22 April 2023

Tags: astronomy astro4j solex java graalvm

This blog introduces astro4j, my latest toy project, a open source collection of libraries and applications for astronomy, written in Java. In particular, I will discuss JSol’Ex, a program aimed at reconstructing solar disk images from video files captured using the amazing Sol’Ex instrument.

Why astro4j?

I’m a software developer, and if you are following me, you may also know that I’m an amateur astrophotographer. For a long time, I’ve been fascinated by the quality of software we have in astronomy, to process images. If you are french speaking, you can watch a presentation I gave about this topic. Naturally, I have been curious about how all these things work, but it’s actually extremely rare to find open source software, and when you do, it’s rarely written in Java. For example, both Firecapture (software to capture video streams) and Astro Pixel Processor are written in Java, but both of them are closed source, commercial software.

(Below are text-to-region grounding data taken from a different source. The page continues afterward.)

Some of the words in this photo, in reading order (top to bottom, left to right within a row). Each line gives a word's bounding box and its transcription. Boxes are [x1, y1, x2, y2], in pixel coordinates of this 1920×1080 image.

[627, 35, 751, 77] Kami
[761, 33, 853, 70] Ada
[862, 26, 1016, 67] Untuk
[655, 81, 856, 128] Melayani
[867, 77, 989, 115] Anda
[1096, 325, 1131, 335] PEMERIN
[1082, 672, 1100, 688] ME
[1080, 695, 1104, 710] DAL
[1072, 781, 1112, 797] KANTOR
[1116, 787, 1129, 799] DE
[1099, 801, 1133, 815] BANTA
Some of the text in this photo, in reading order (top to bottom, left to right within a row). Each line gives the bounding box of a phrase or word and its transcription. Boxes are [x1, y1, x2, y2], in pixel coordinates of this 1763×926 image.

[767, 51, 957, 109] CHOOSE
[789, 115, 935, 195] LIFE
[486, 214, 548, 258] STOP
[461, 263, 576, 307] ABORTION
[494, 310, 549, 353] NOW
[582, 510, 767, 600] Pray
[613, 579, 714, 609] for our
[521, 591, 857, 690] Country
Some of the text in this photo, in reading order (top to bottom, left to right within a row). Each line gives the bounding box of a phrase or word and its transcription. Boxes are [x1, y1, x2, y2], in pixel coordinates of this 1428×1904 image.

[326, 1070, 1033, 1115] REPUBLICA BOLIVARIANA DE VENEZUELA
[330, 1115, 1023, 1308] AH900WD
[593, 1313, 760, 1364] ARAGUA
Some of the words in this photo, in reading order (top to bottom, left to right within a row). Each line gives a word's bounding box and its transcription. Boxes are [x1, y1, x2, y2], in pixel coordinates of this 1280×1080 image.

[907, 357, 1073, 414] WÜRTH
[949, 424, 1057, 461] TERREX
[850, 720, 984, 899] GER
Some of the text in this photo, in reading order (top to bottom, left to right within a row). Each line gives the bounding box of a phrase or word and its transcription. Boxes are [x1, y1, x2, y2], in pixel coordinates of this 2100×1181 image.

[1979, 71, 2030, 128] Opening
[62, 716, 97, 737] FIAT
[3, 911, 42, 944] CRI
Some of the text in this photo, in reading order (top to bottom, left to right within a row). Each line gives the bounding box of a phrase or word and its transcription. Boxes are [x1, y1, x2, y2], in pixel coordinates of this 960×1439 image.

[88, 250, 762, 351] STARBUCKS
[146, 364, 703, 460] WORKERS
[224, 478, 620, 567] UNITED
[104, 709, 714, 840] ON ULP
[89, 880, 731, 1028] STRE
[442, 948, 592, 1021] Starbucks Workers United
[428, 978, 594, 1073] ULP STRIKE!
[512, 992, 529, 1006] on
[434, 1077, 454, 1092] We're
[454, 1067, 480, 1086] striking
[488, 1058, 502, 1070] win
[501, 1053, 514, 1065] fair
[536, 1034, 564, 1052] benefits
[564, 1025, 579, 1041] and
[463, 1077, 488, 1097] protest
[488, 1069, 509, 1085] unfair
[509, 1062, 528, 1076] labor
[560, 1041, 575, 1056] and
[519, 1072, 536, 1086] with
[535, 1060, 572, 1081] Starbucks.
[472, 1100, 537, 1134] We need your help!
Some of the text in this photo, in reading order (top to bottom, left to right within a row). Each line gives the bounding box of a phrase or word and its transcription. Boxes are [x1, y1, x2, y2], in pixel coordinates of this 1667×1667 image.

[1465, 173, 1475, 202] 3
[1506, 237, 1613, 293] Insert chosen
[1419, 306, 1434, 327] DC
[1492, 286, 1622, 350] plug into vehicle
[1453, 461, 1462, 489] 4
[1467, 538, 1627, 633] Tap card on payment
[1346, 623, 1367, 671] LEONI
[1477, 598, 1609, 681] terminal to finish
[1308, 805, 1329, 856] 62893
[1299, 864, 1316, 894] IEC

Last month, for my birthday, I got a Sol’Ex, an instrument which combines spectrography and software to realize amazing solar pictures in different spectral lines. To process those images, the easiest solution is to use the amazing INTI software, written in Python, but for which sources are not published, as far as I know, neither on GitHub or GitLab.

Note
After announcing this project, I have been notified that the sources of INTI are indeed available, as GPL. It’s a pity they are not linked on the webpage, this would have helped a lot.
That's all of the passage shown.